Garden number 2 was a very different story….Kiftsgate Court Gardens



This is a family run garden perched on the edge of the Cotswold escarpment. Absolutely magnificent. Again the roses were fabulous, the famous Kiftsgate rose was in flower and truly enormous.

Volunteering for the Link. Fay Grist
I first used Link nurseries when it was on the site next to the new Malvern hospital many years ago. It sold good plants at reasonable prices.
With a change of leadership it moved to Powick and the NHS took over the lease. Friends of the Link were formed and I joined as a volunteer. We had coffee mornings, fundraising etc. Warwickshire College Group and Bransford Trust took over the lease in 2016 and I returned as a volunteer as did a lot of the old crew, creating a great family atmosphere.
The Well Bean Gardening group and Flower and Plant group were started. I joined the Well Beaners as well as being a volunteer.
Plant and vegetable growing continued and strawberries, tomatoes and runner beans did especially well.

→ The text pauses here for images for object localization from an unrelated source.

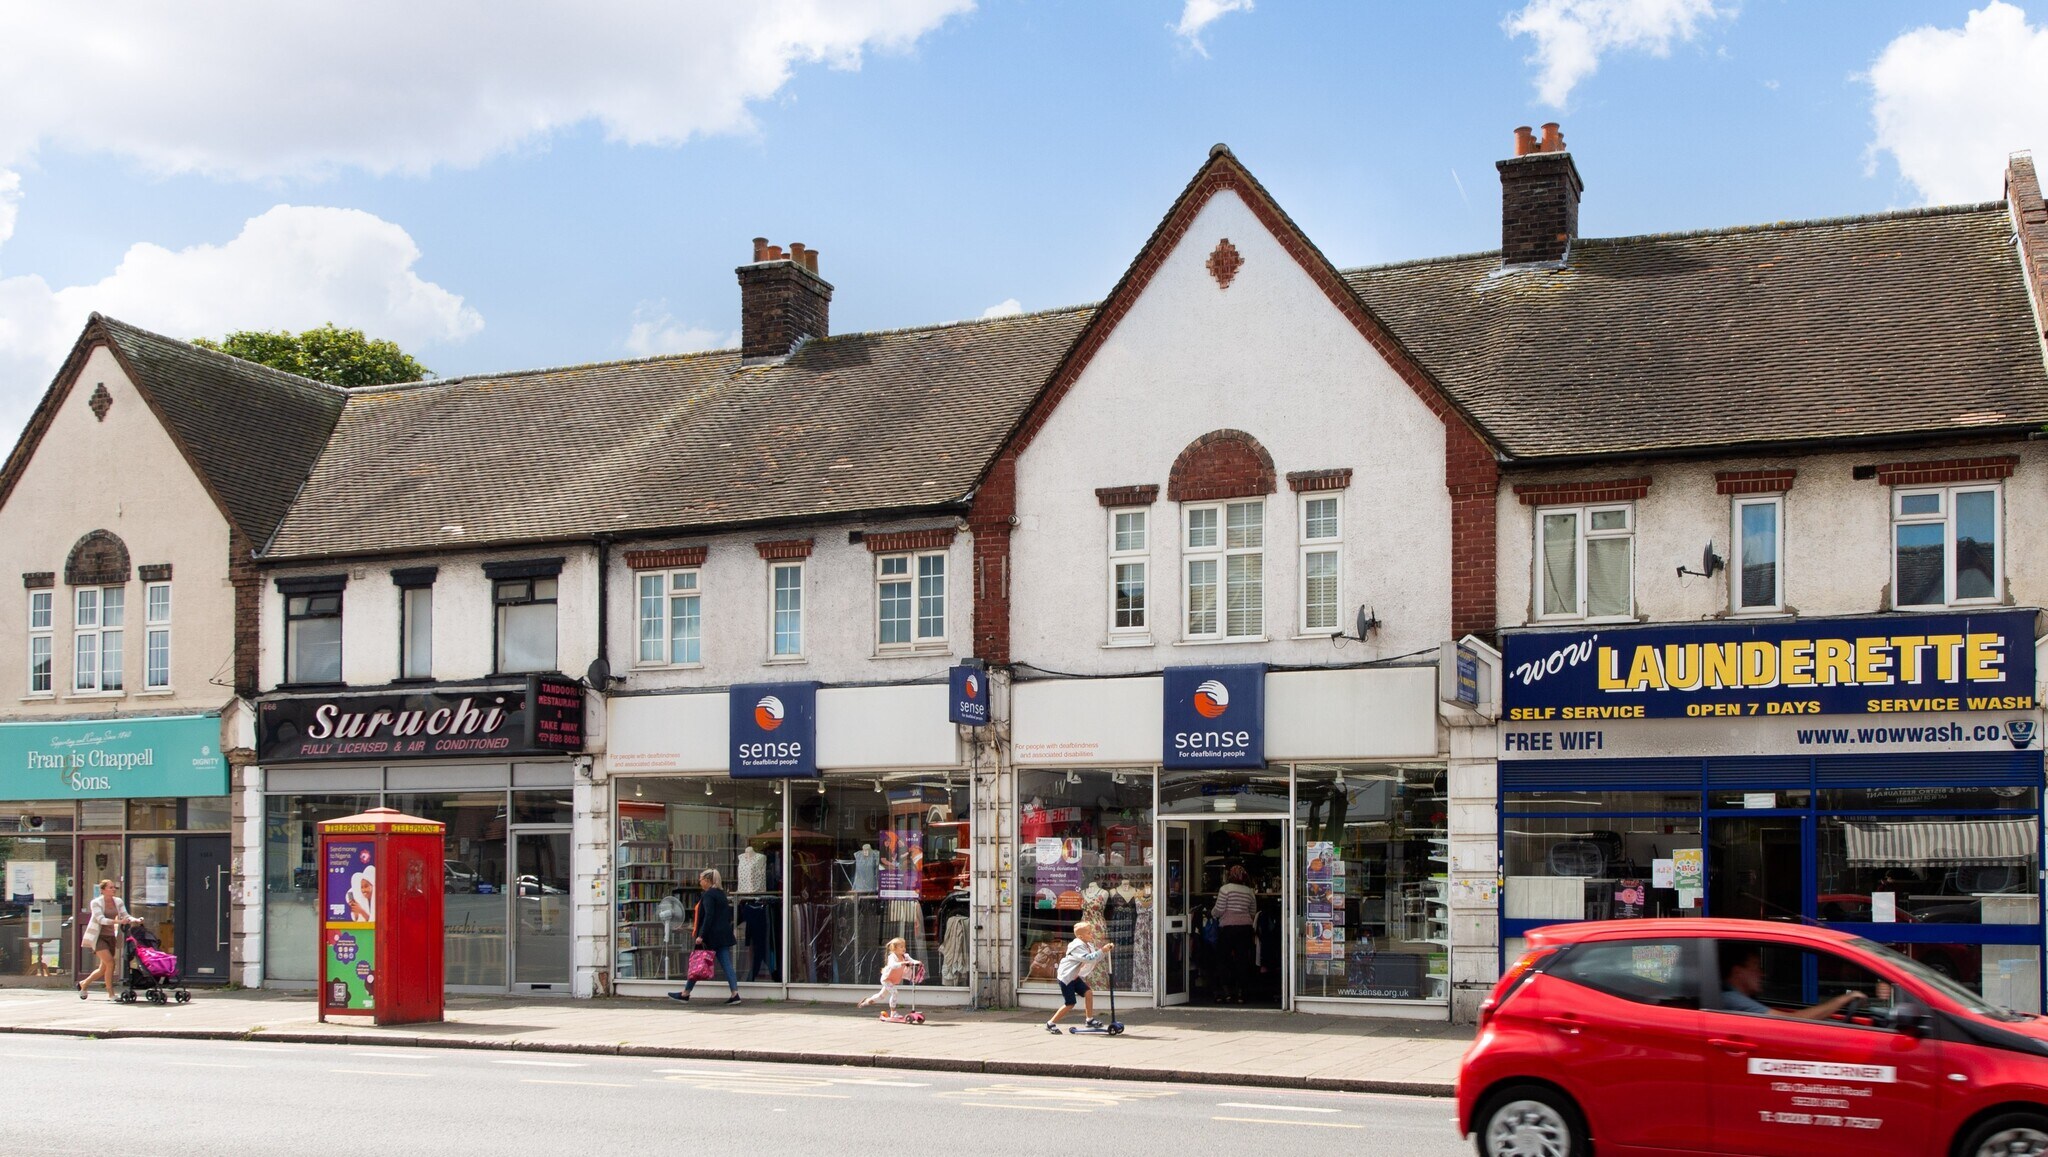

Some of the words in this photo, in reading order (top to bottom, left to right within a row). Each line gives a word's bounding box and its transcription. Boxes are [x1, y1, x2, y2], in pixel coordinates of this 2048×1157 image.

[1598, 633, 2006, 693] LAUNDERETTE
[542, 683, 577, 696] TANDOORI
[538, 695, 581, 708] RESTAURANT
[960, 701, 984, 715] sense
[1686, 703, 1741, 716] OPEN
[1747, 703, 1757, 715] 7
[1767, 701, 1821, 714] DAYS
[1867, 697, 1959, 713] SERVICE
[1967, 696, 2032, 711] WASH
[308, 696, 506, 739] Suruchi
[557, 710, 563, 719] &
[1510, 707, 1556, 720] SELF
[1561, 705, 1645, 719] SERVICE
[540, 720, 558, 730] TAKE
[560, 722, 578, 732] AWAY
[300, 743, 332, 755] FULLY
[337, 741, 388, 753] LICENSED
[393, 741, 402, 752] &
[407, 740, 425, 752] AIR
[435, 737, 509, 751] CONDITIONED
[1174, 729, 1250, 749] sense
[1505, 731, 1552, 751] FREE
[1559, 730, 1603, 750] WIFI
[738, 739, 802, 759] sense
[1178, 750, 1190, 758] For
[1190, 750, 1222, 758] deafblind
[1222, 750, 1246, 759] people
[88, 748, 153, 771] Chappell
[192, 758, 220, 766] DIGNITY
[742, 758, 752, 766] For
[752, 758, 779, 766] deafblind
[779, 758, 799, 767] people
[71, 771, 112, 791] Sons.
[328, 824, 373, 833] TELEPHONE
[394, 824, 437, 833] TELEPHONE
[330, 860, 350, 868] instantly
[1037, 865, 1056, 873] Clothing
[1056, 864, 1079, 872] donations
[1337, 988, 1410, 999] www.sense.org.uk
[1758, 1061, 1817, 1075] CARPET
[1819, 1065, 1884, 1079] CORNER

Then came COVID. We were closed for several months. Then slowly reopened, initially for site maintenance and then for small groups. Things have really taken off since then. We now have 3 Well Bean groups, Art group, School group, Craft group and have just started a Mini Allotment group and are awaiting more materials. Volunteers are involved in seed planting, pricking out, weeding, watering, looking after plants and helping run the shop, which sells local fresh veg, milk, eggs, fruit juice and seeds as well as our plants and compost. In Spring bedding plants and hanging baskets and in Winter Christmas wreaths.

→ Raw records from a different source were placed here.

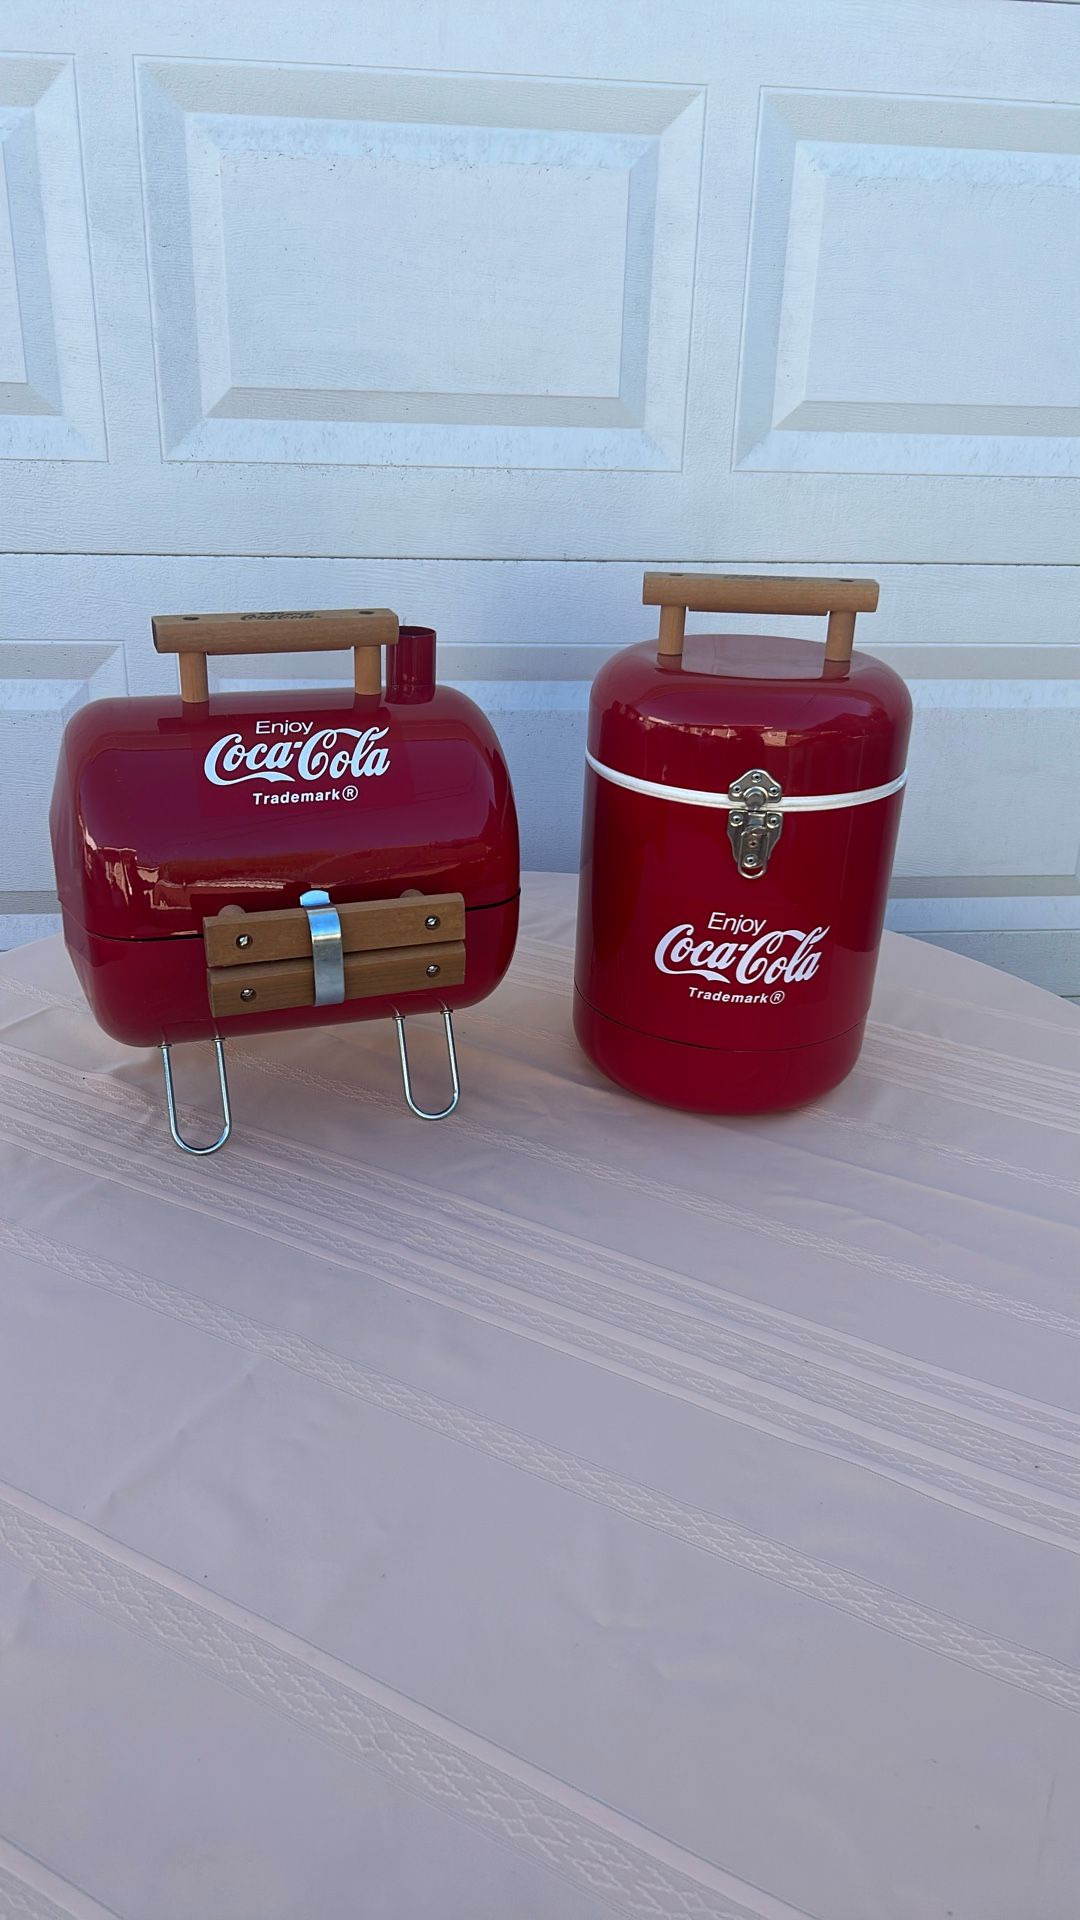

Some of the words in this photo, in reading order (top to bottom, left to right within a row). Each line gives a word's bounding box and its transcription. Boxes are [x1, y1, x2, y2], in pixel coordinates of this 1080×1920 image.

[255, 720, 313, 735] Enjoy
[204, 727, 391, 786] Coca-Cola
[707, 911, 767, 936] Enjoy
[655, 924, 831, 985] Coca-Cola
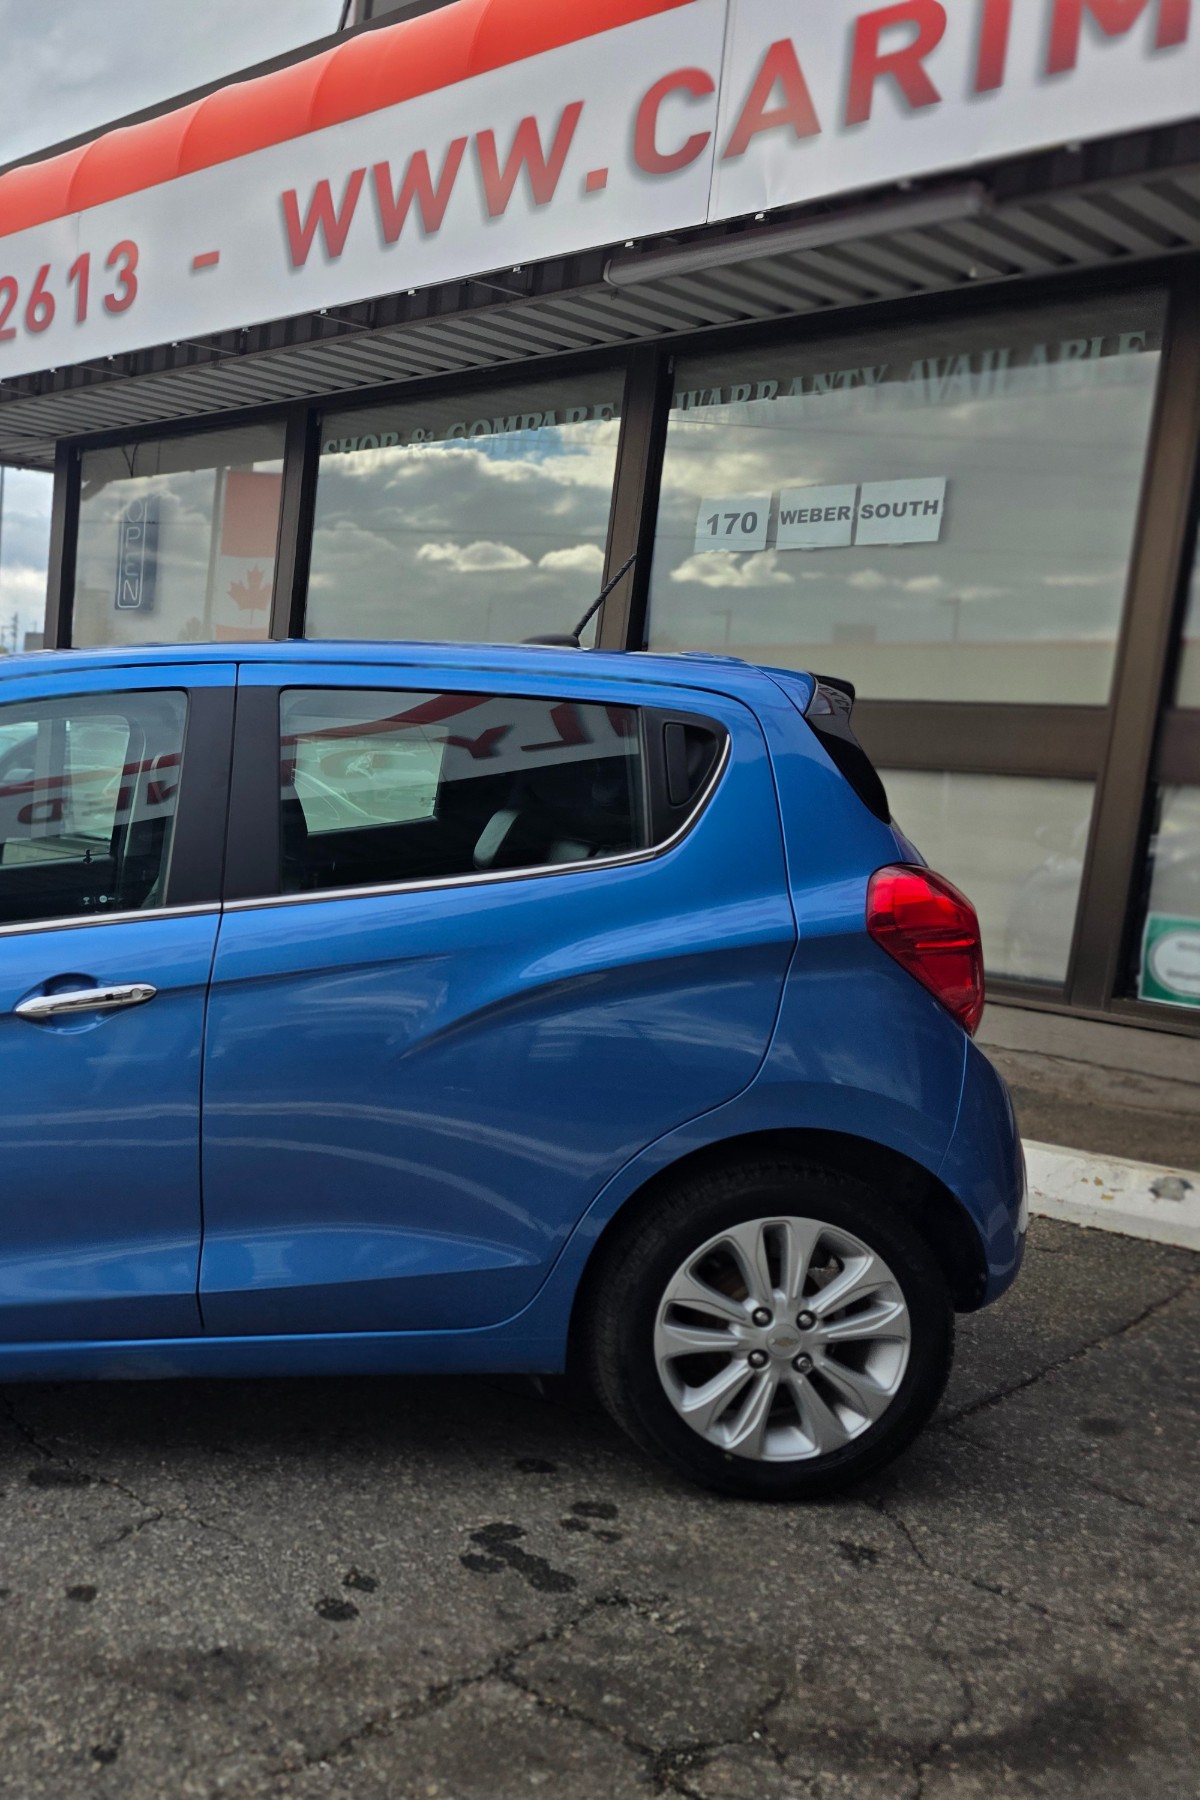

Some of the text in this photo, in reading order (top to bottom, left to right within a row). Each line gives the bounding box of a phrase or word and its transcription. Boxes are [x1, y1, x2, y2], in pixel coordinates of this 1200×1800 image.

[674, 330, 1147, 428] WARRANTY AVAILABLE
[446, 402, 617, 452] COMPARE
[123, 499, 144, 601] OPEN
[706, 499, 940, 536] 170 WEBER SOUTH

I have had a great time at the Link. I have made friends, learnt a lot and we all support each other. I realized how much I missed it during the first lockdown and am delighted to be back again. Long may it continue to grow. To visit us we are open 10.30 am to 4pm, Tues to Fri Hamilton Close, off Hospital Lane, Powick, WR2 4NH
Allotment News. Barry Kent
This July the allotment has experienced a heat wave, dry conditions and heavy rain! These extremes of weather have caused brown rot on the plum tree with all fruit lost. On the other hand my black and redcurrants, apples and cultivated blackberries have produced record amounts of fruit. I have a small first year crop of blueberries which I’ve never grown before. The bushes spread low to the ground and I may have to put straw around the base to protect the fruit.
My beetroot, Swiss chard, French beans and parsnips are all doing well. I need to thinly sow carrots as the first crop was attacked, especially on the lower root. The dry conditions have not helped. I have been watering in the morning but not every day. The end of the month has seen thunder storms. I look forward to harvesting my main crop potatoes next month.
Ask Rachel
Q: Can I take cuttings from my Clematis montana and if so how?
A: I would normally do Clematis montana cuttings in May/June. Use the new growth and cut off and discard the very flimsy top section, if the base is woody cut off and discard this too. Take cuttings from the remaining section immediately above a pair of leaves and then about 5cm below them. Repeat as you work down the stem.
Insert cuttings in a tray or pot of 50/50 multi-purpose compost and horticultural grit. Cover with a lid or insert in a polythene bag and keep in good light but out of direct sunlight. They should root in about 4 wks.
I don’t use rooting hormone and definitely wouldn’t advise it for these as they are relatively small cuttings and rooting hormone inhibits shoot growth. You can try now but have better chance of success earlier in the year.